Mental bridge from Ruby to Elixir?

josefrichter · September 18, 2017, 1:35pm

Hi guys,

I came across this table from Sasa Juric’s book summarizing which common components of a (ruby) web app can be replaced with Erlang

Chris McCord mentioned in his ElixirConf 2017 Closing Keynote that it’s rather difficult for experienced Elixir devs to see the Elixir world through the eyes of newcomers again, so here we go

For a newcomer (from Ruby world) like me, it would be quite helpful to get a bit more detail about which specific parts of the Elixir ecosystem replace those components. There’s a lot of new terms like GenServer, Supervisors, ETS, Mnesia, etc. etc. that don’t ring any bell for a newcomer, so such a mental map could fix that.

To be more specific, these are some of the questions I’m trying to find answers for:
– what do I use instead of Redis and why?
– what do I use instead of Sidekiq and why?
– how does Erlang ecosystem render some components, that are common in Ruby world, unneeded?
– how does the whole ‘concurrency’ promise help me deal with the fact that at some point all the concurrent connections might need to write into a database at once?
– what are some BAD use cases for Erlang/Elixir, where I’m better off sticking with Ruby?
– etc.

Thank you very much!

wmnnd · September 18, 2017, 1:52pm

Hey there and welcome!

Saša’s list is, of course, a little tongue-in-cheek but ultimately true.

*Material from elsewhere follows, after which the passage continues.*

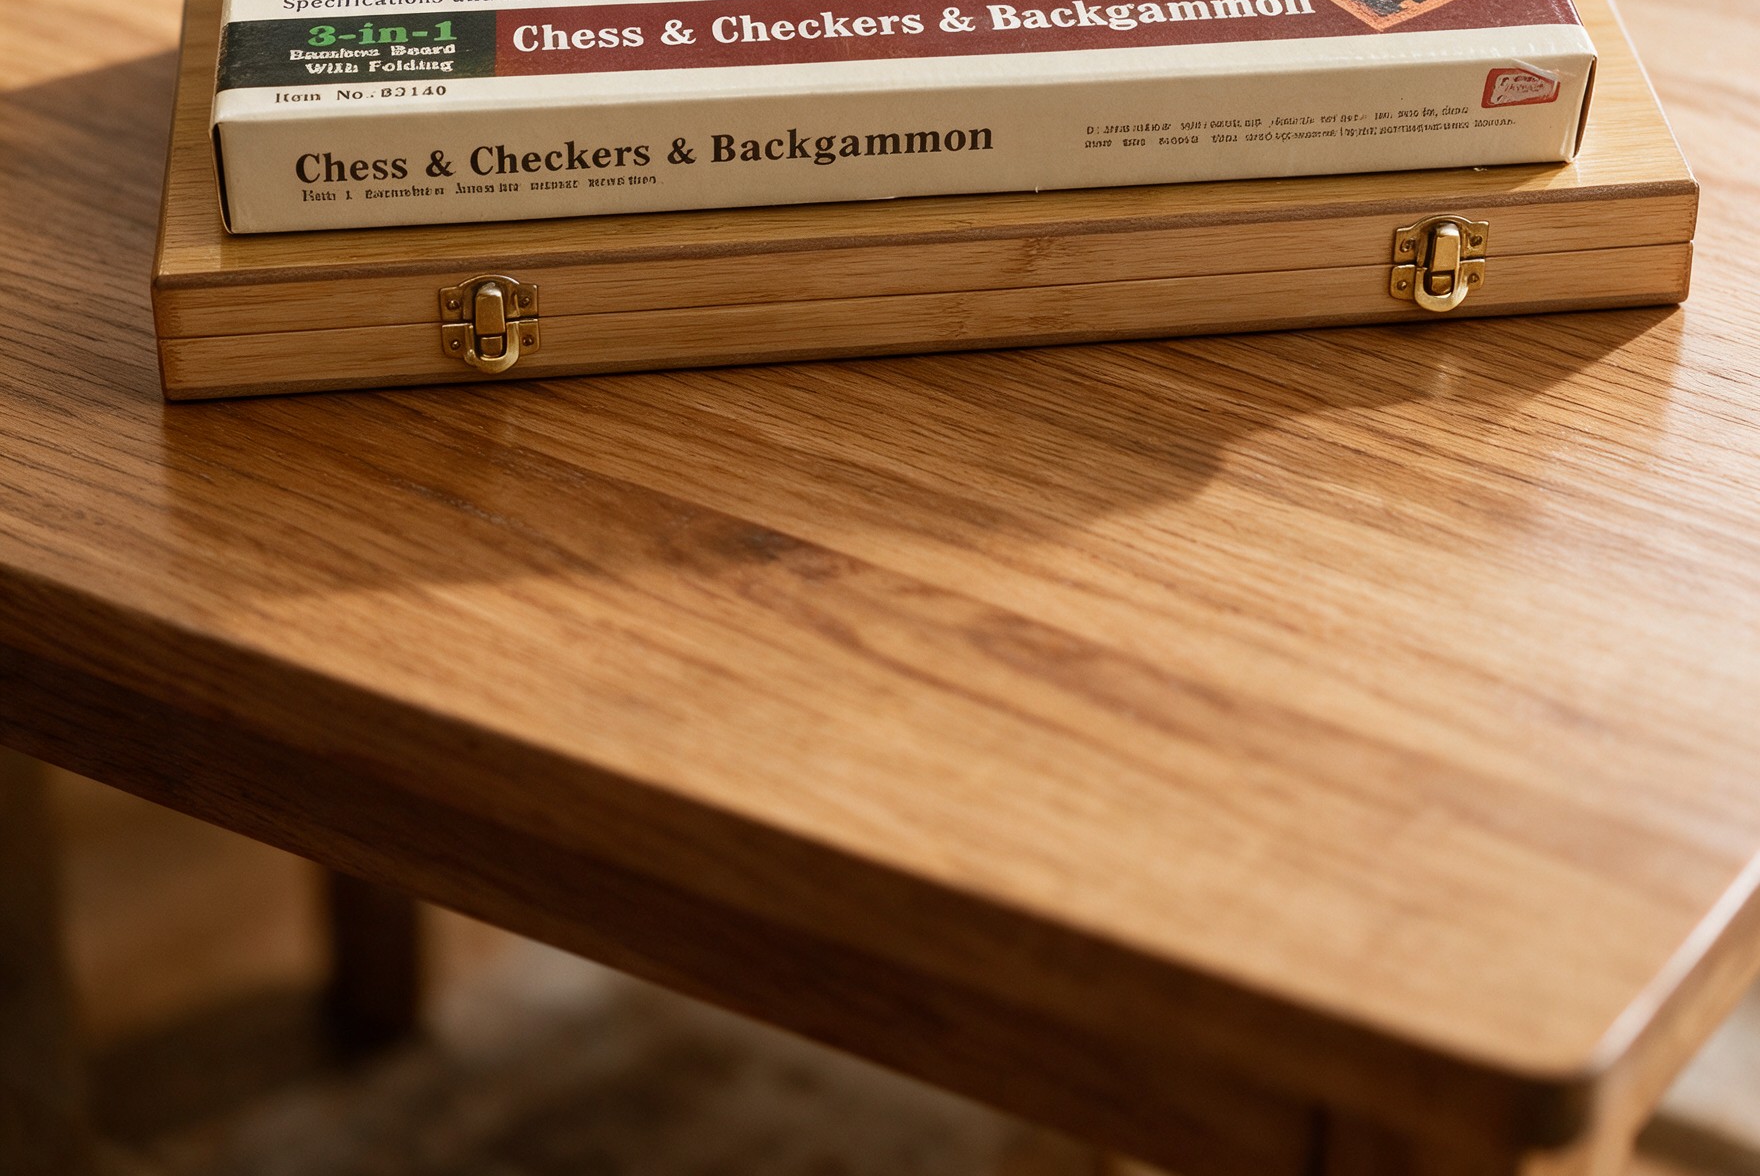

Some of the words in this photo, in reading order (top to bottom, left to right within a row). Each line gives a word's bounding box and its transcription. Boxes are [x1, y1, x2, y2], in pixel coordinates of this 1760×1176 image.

Let’s look at some of the points from the list:

HTTP Server: You don’t need to use a third-party public-facing HTTP server because the solutions written in Erlang (like Cowboy) are ready to handle this already.
Redis/Sidekiq: You don’t need to use third-party software for handling background data processing or in-memory caching since this can all easily be achieved with Elixir/Erlang processes.
It’s kind of a running joke in the community to ask whether you even need an external database. Theoretically, you could also use Erlang’s in-memory database ETS and occasionally save it to your hard disk. But many people like to use SQL or noSQL database and they work just fine with Elixir/Erlang.

Regarding the advantages of concurrency when you eventually still end up writing to a database: Well, not every HTTP request needs to write something to a database and even then, you profit from increased stability, responsiveness and availability of your sever if it is able to handle concurrency better

I can’t really think of use-cases in which you’d want to go with Ruby over Elixir/Erlang. There are, however, cases in which you might want to go with a language that compiles to native code (like C/C++/Rust) instead in order to get some performance benefits.

There are some nice introduction books and courses for Elixir out there. I have personally read »Programming Elixir« and it covers many important aspects of both the language and Erlang/OTP.

I can also recommend this little video series about GenServer and Supervisors on YouTube if you want to get a quick fix:

kokolegorille · September 18, 2017, 2:07pm

ETS Erlang Term Storage

– what do I use instead of Sidekiq and why?

Background processes is easy as spawning a process, usually a GenServer

– how does Erlang ecosystem render some components, that are common in Ruby world, unneeded?

Which components?

– how does the whole ‘concurrency’ promise help me deal with the fact that at some point all the concurrent connections might need to write into a database at once?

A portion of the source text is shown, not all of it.